Die Gemeinde Gelterkinden stellte einem Sozialhilfeempfänger mit Verfügung vom 24. Juni 2026 die Unterstützungsleistungen per 21. Juli 2026 ein. Der Betroffene wehrte sich dagegen und beantragte beim Kantonsgericht Basel-Landschaft dringende vorsorgliche Massnahmen, um die Zahlungen sofort wieder zu erhalten. Das Kantonsgericht trat auf seine Eingabe jedoch nicht ein: Im Bereich der Sozialhilfe ist das Kantonsgericht nur für Beschwerden gegen Entscheide des Regierungsrats zuständig, nicht für solche gegen kommunale Sozialhilfebehörden. Da kein hängiges Hauptverfahren vor dem Kantonsgericht bestand, konnte es auch keine vorsorglichen Massnahmen anordnen.
Daraufhin wandte sich der Sozialhilfeempfänger ans Bundesgericht.
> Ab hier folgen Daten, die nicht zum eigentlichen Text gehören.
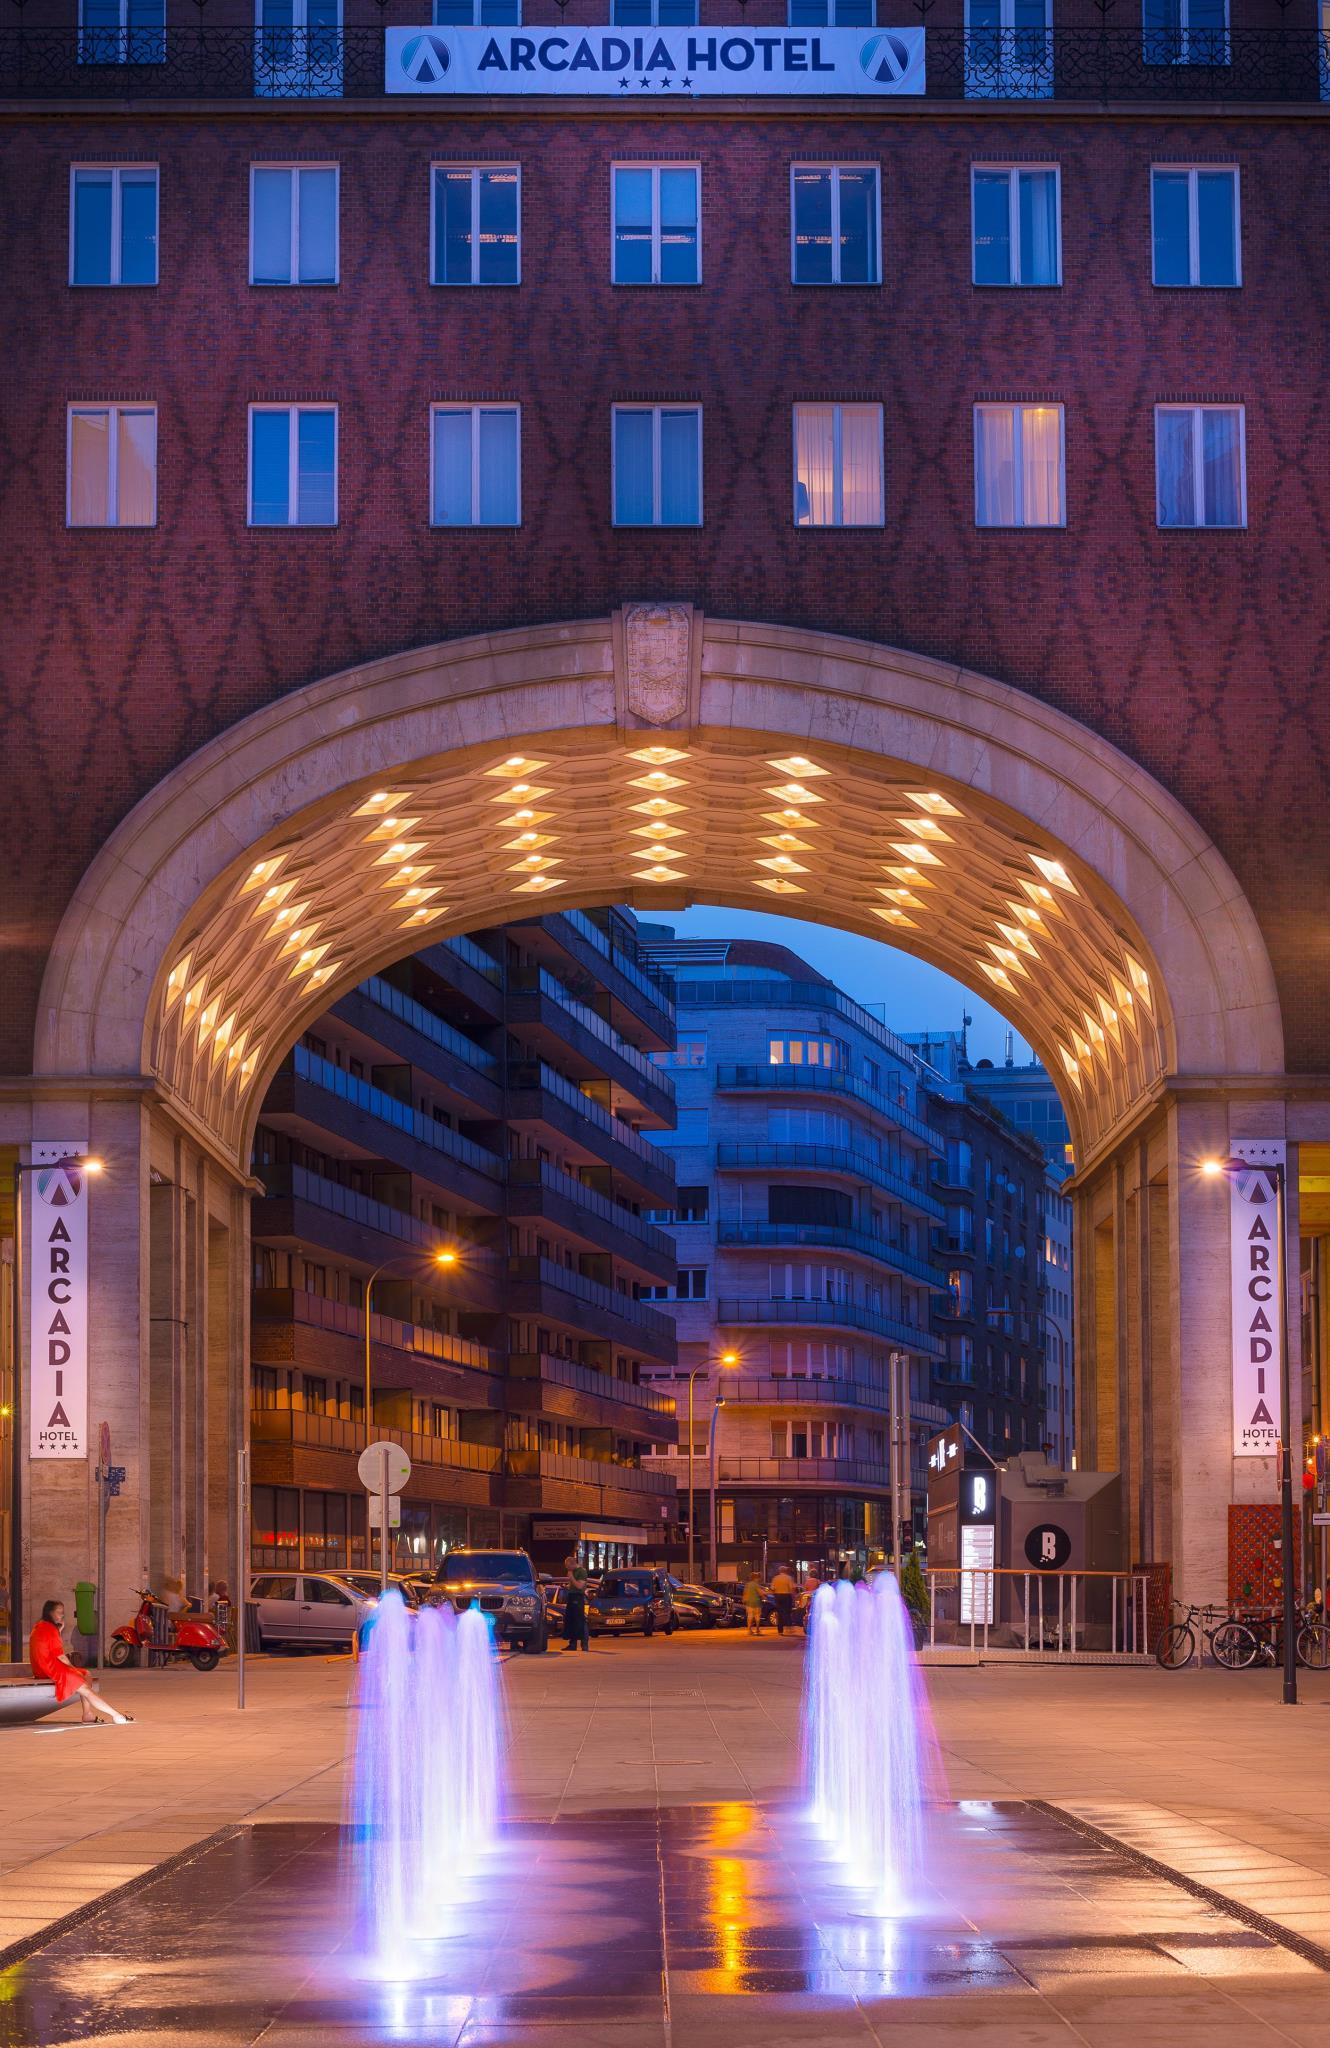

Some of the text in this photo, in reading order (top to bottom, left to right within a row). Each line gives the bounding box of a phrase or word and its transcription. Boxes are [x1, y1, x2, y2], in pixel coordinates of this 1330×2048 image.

[476, 37, 835, 72] ARCADIA HOTEL
[47, 1216, 72, 1428] ARCADIA
[1247, 1213, 1274, 1425] ARCADIA
[39, 1431, 78, 1441] HOTEL
[1242, 1429, 1281, 1439] HOTEL
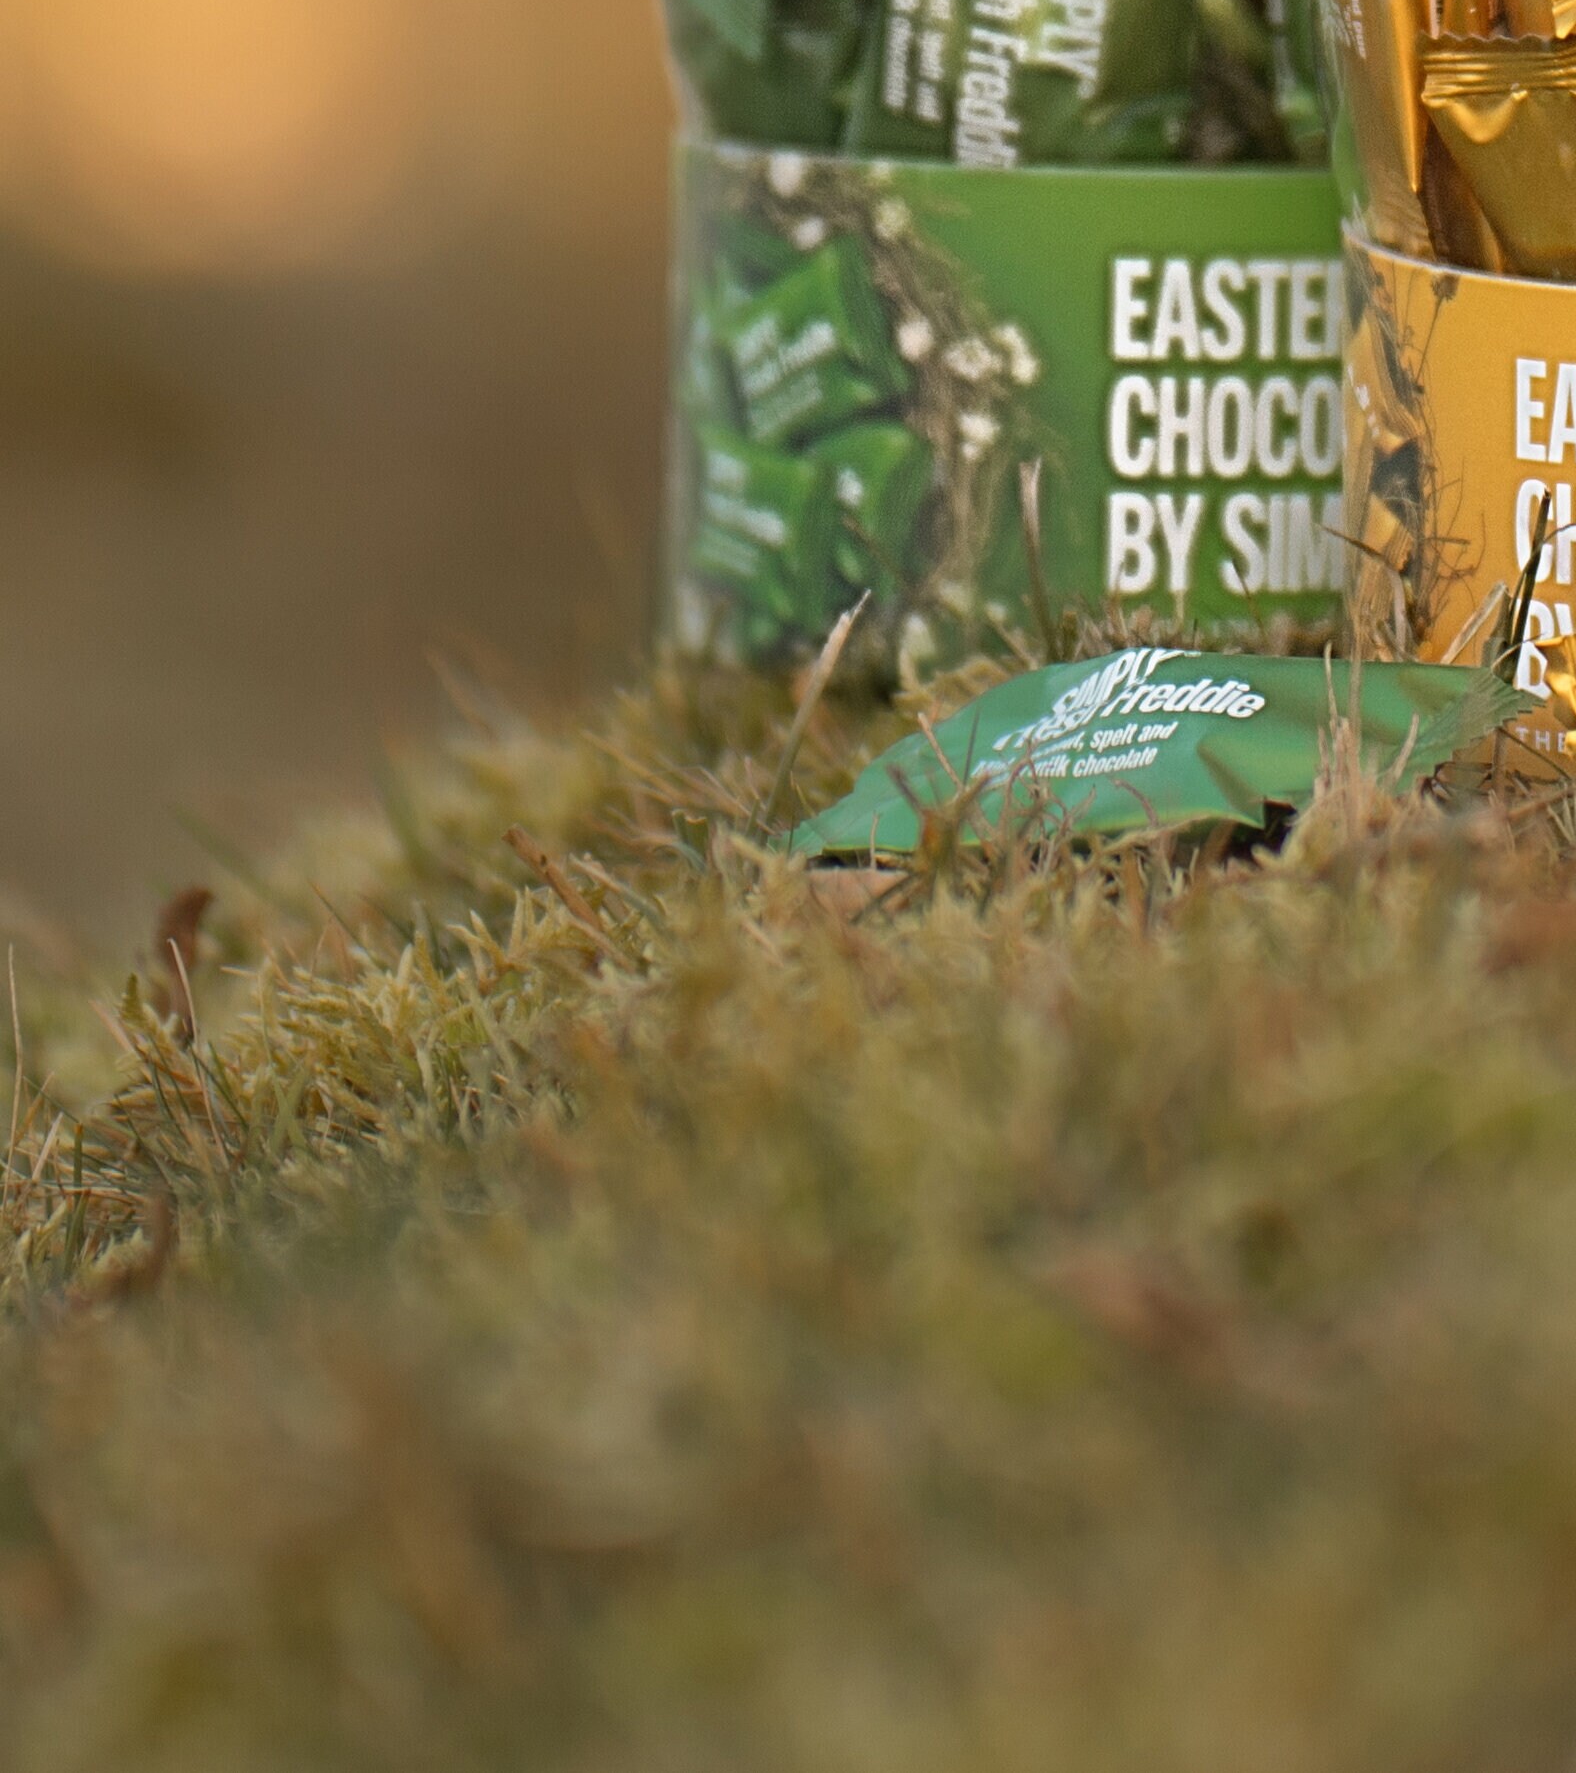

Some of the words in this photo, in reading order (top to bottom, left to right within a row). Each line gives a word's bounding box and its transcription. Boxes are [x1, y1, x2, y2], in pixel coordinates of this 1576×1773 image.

[1108, 491, 1203, 594] BY
[1101, 678, 1265, 719] Freddie
[1090, 722, 1136, 753] spelt
[1137, 721, 1179, 744] and
[1072, 746, 1158, 779] chocolate
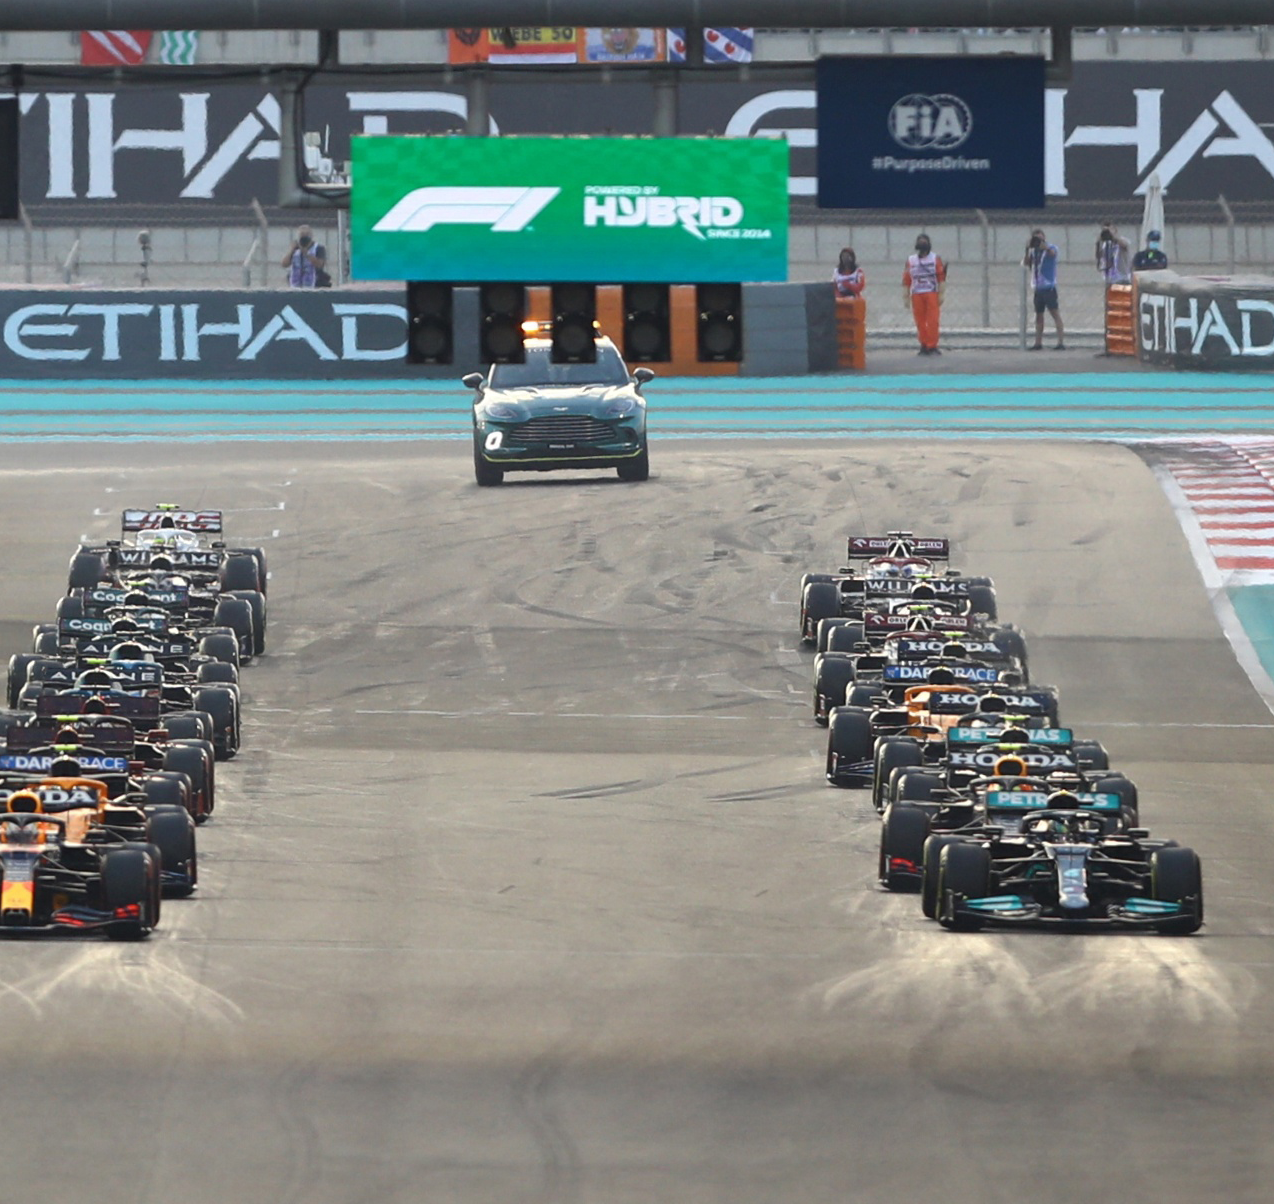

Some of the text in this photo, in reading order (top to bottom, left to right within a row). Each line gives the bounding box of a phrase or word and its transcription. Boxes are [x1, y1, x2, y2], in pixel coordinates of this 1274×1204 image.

Er wiederholte im Wesentlichen seine früheren Anträge und warf dem Kantonsgericht zudem Untätigkeit vor. Ausserdem verlangte er neu die Ausrichtung von Ergänzungsleistungen ab September 2021. Das Bundesgericht stellte jedoch fest, dass er sich mit den Gründen, weshalb das Kantonsgericht auf seine Eingabe nicht eingetreten war, überhaupt nicht auseinandergesetzt hatte. Wer vor Bundesgericht ein kantonales Urteil anficht, muss konkret darlegen, inwiefern dieses Recht verletzt – eine blosse Wiederholung der eigenen Anträge genügt nicht.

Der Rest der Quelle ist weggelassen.